Again, the warriors seemed to sigh.
‘Young like a god, swift in battle, terrible to his foes, life-taker, lord of ten thousand horses,’ she called, and again they sighed.
Marthax stood behind her, his arms crossed.
‘Wise like a god, gold-giver, great in peace and council, lord of ten thousand horses,’ she said, the sword in her hand unmoving. She had arms like bundles of iron rods, as Kineas now had reason to know.
Satrax had helped to unite them, but he had also been a reckless adolescent intent on taking Srayanka for himself. Kineas was not altogether sorry he was gone.
‘He was the king of the Sakje!’ she shouted, her voice suddenly deep and wild. And at the last word, she reversed the blade and plunged it into the grass.
The warriors gave a great shout, a bellow of sorrow and anger and victory and loss, and then they turned away to the banquet that awaited them, a feast on the new mound, a last feast with the old king. They ate and drank and wept, and bards sang songs of the battles.

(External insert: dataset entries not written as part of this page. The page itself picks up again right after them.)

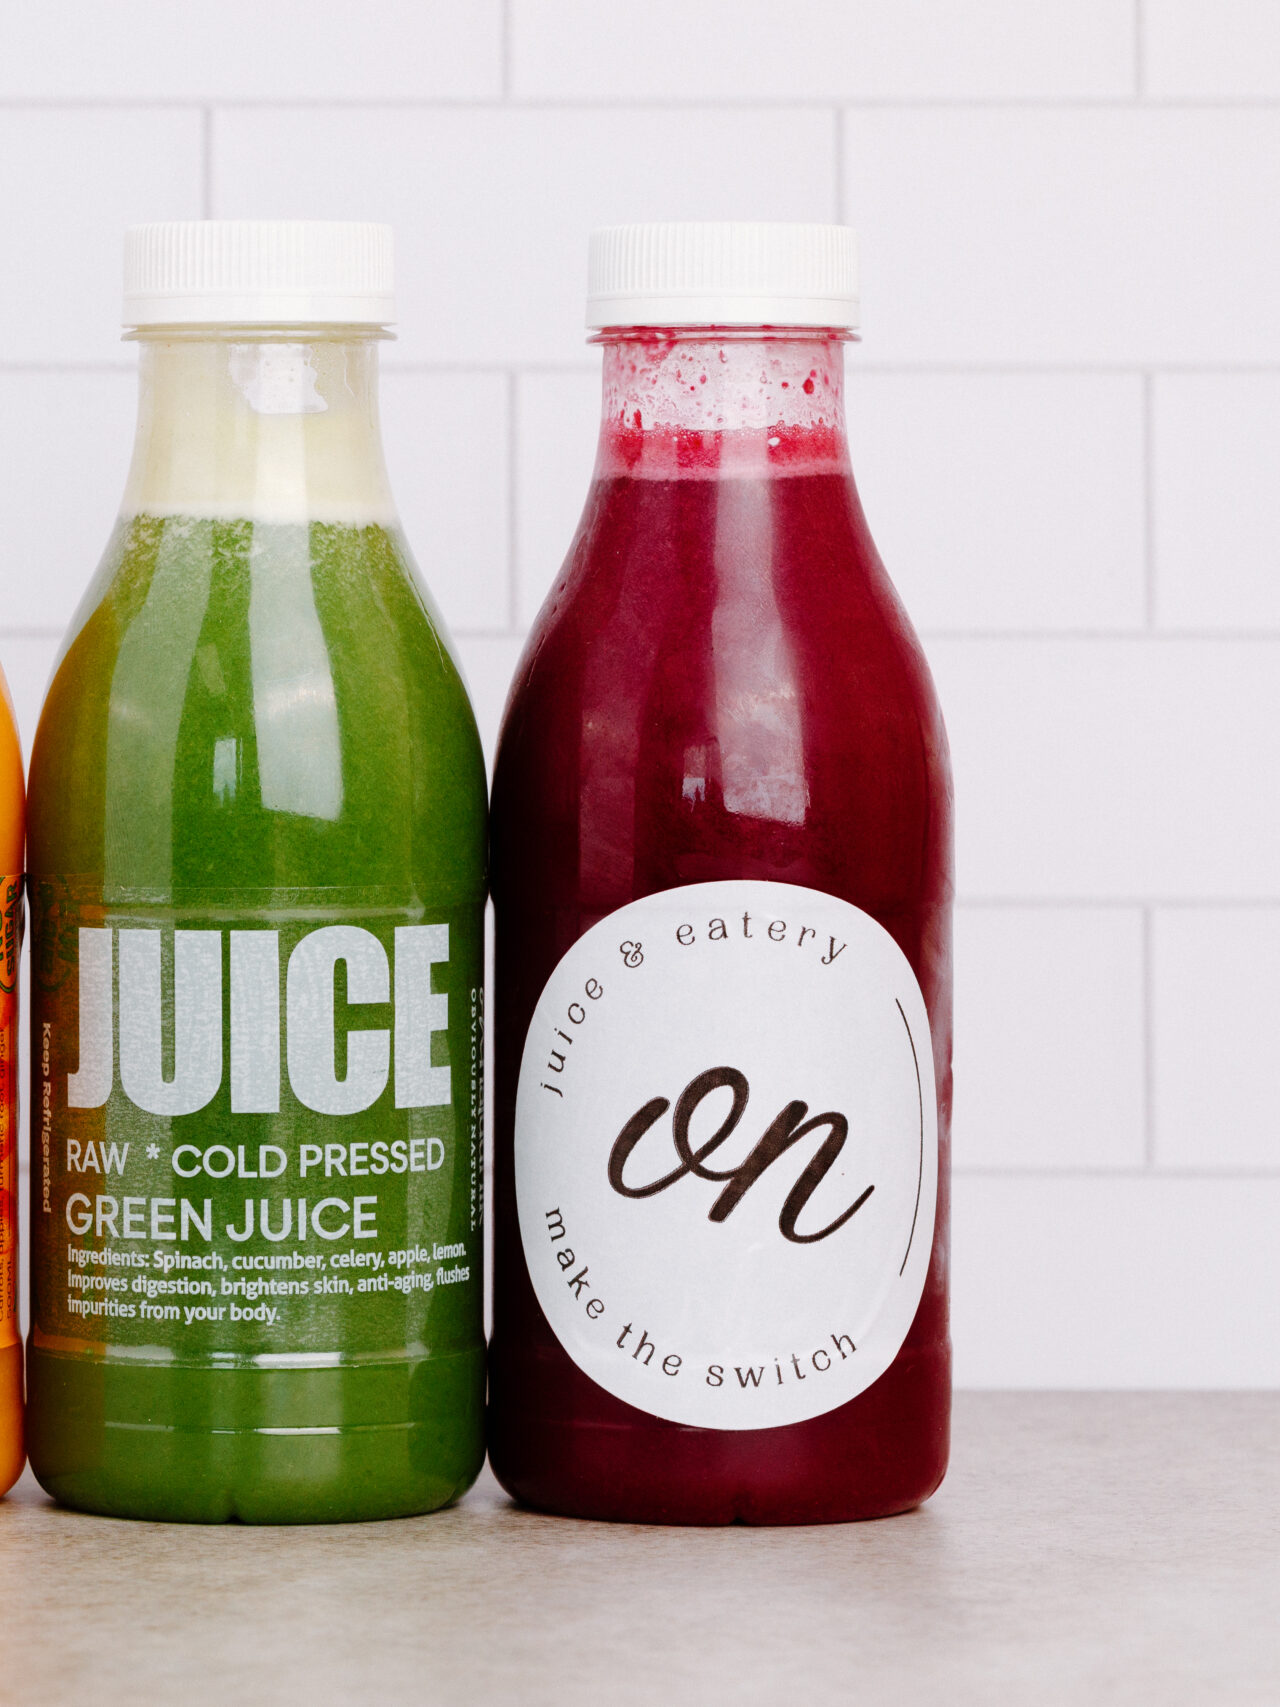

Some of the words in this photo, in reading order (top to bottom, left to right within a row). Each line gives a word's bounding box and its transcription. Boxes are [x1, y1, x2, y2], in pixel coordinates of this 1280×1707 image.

[67, 923, 452, 1117] JUICE
[539, 976, 604, 1097] juice
[619, 940, 645, 968] &
[675, 910, 848, 966] eatery
[41, 1022, 52, 1077] Keep
[41, 1081, 52, 1213] Refrigerated
[67, 1138, 129, 1175] RAW
[171, 1144, 288, 1179] COLD
[300, 1137, 445, 1178] PRESSED
[607, 1065, 875, 1245] on
[66, 1192, 213, 1242] GREEN
[226, 1195, 379, 1242] JUICE
[67, 1243, 150, 1268] Ingredients:
[153, 1250, 228, 1274] Spinach,
[232, 1251, 326, 1271] cucumber,
[330, 1249, 385, 1271] celery,
[388, 1244, 430, 1269] apple,
[433, 1242, 466, 1261] lemon.
[67, 1269, 128, 1293] Improves
[132, 1275, 216, 1298] digestion,
[221, 1276, 309, 1300] brightens
[314, 1275, 354, 1295] skin,
[357, 1270, 434, 1294] anti-aging,
[436, 1264, 470, 1286] flushes
[67, 1294, 136, 1319] impurities
[139, 1300, 180, 1320] from
[184, 1306, 226, 1325] your
[230, 1302, 281, 1325] body.
[545, 1206, 606, 1321] make
[615, 1322, 684, 1378] the
[704, 1332, 857, 1390] switch
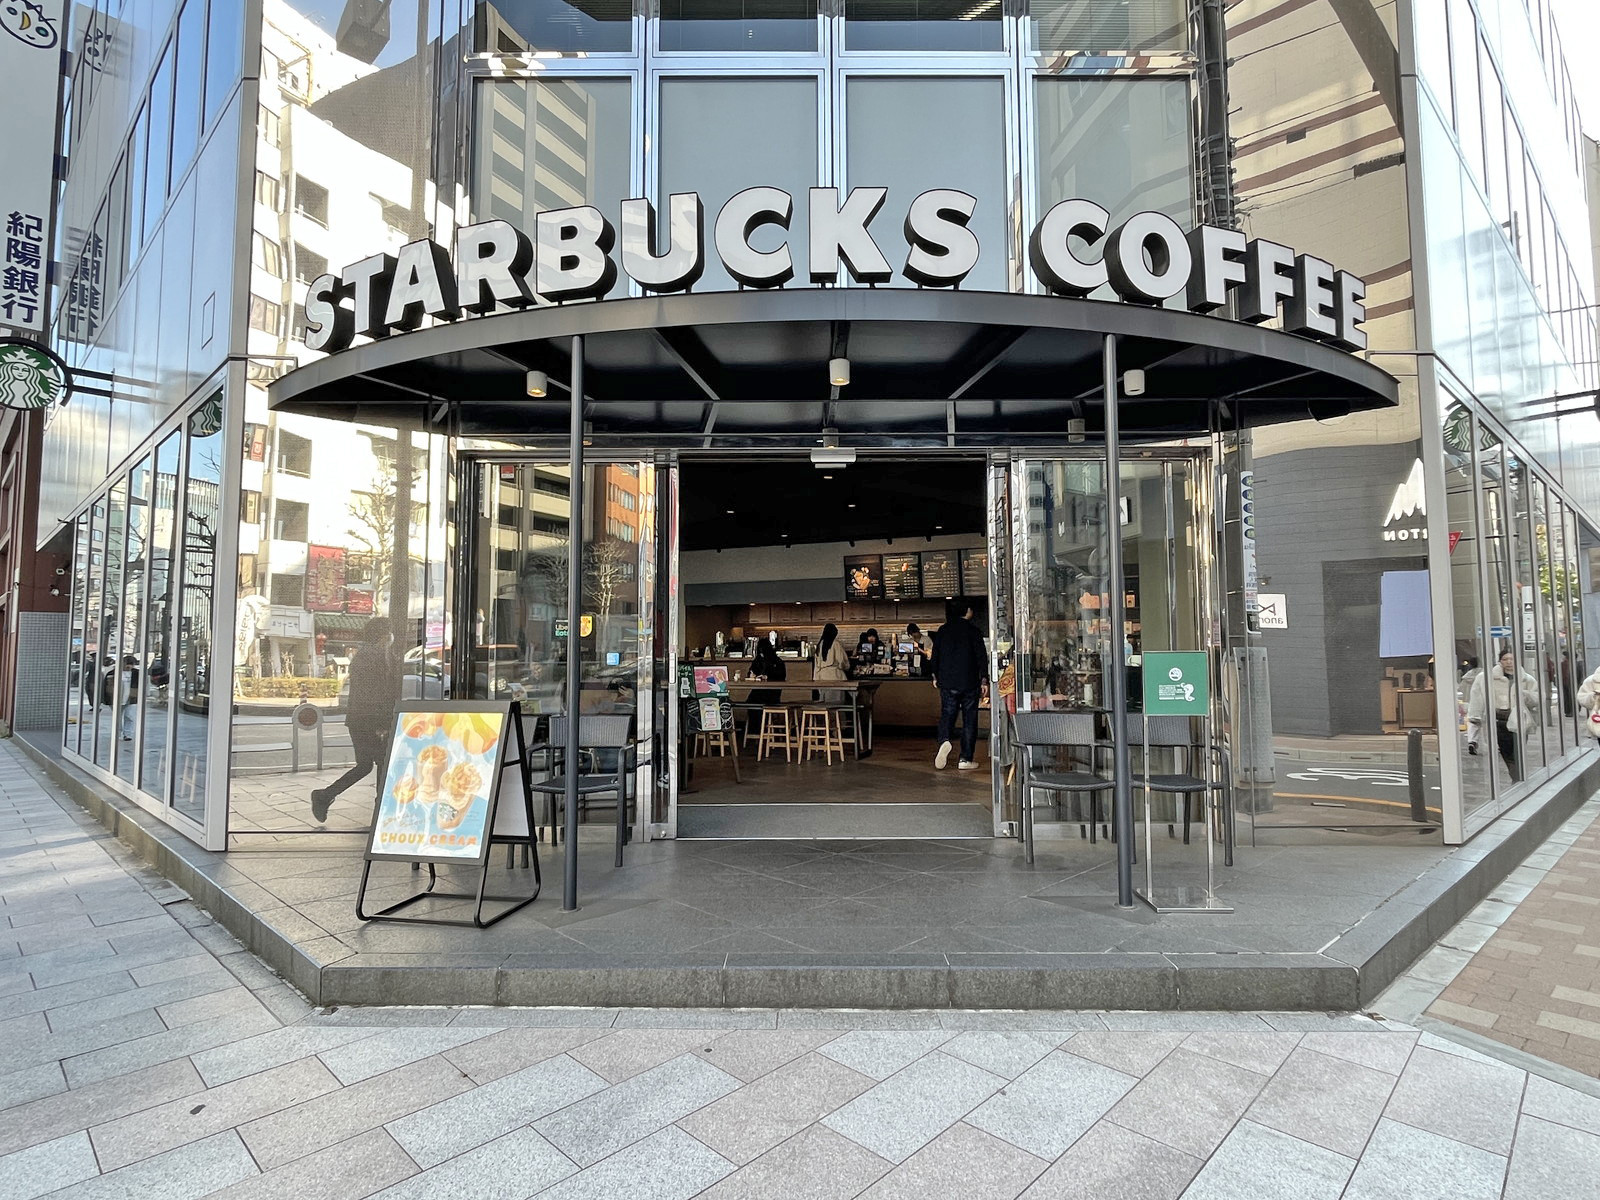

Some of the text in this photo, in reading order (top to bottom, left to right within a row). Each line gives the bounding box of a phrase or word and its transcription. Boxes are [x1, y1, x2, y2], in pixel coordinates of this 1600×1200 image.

And they were like brothers and sisters, all the Greeks and the Sakje and the Sauromatae.
One last time.
Ataelus, the Massagetae warrior who led Kineas’s scouts, introduced the messenger from the east with a sweep of his arm.
‘Fifty days’ ride to the east on a good horse, with five more horses for changing — beyond the Kaspian, farther than the Lake of the Sea of Grass, farther than Sauromatae — for riding fifty days, and not for resting — there is the queen of the Massagetae.’ Ataelus’s eyes roved around. The open tent was packed, and there were more Sakje all around. He stood straight, fully conscious of the importance of the occasion. ‘This man for being my cousin. Qares speaks for the queen.’ Ataelus stepped back.
The messenger of the Massagetae was shorter than Ataelus and had something of his look — black ringlets like a Spartan, a wind-burned face and a round nose like a satyr. He wore a red silk robe over silvered-bronze scale armour that winked like a hot fire in sunlight. In his hand he held a short Sakje sword with a hilt of green stone. He brandished it at the council of chiefs and Greek officers who sat in the fire circle in front of Satrax’s empty wagon.
Sakje rules of council allowed any interested person to attend, so hundreds of men and women, many armed, and dozens of children gathered on the council hill. They were never fully quiet, and the murmur of their comments and the sigh of the wind forced the speakers to shout to make themselves heard. The messenger of the Massagetae had a deep voice and it carried well.
‘Keepers of the western gate!’ he shouted, and Eumenes, still stiff from wounds, interpreted in a tired voice. ‘Queen Zarina, lady of all of the riders of the east, calls upon you to come to the muster of all the Sakje! Iskander, who the Greeks call Alexander, King of Macedon, threatens war on the sea of grass! Zarina requests the aid of the Assagatje!’ He waved the sword. ‘She sends this, the sword of Cyrus, as a token of her need. Let Iskander hear the thunder of your hooves and feel the taste of your bronze arrows.’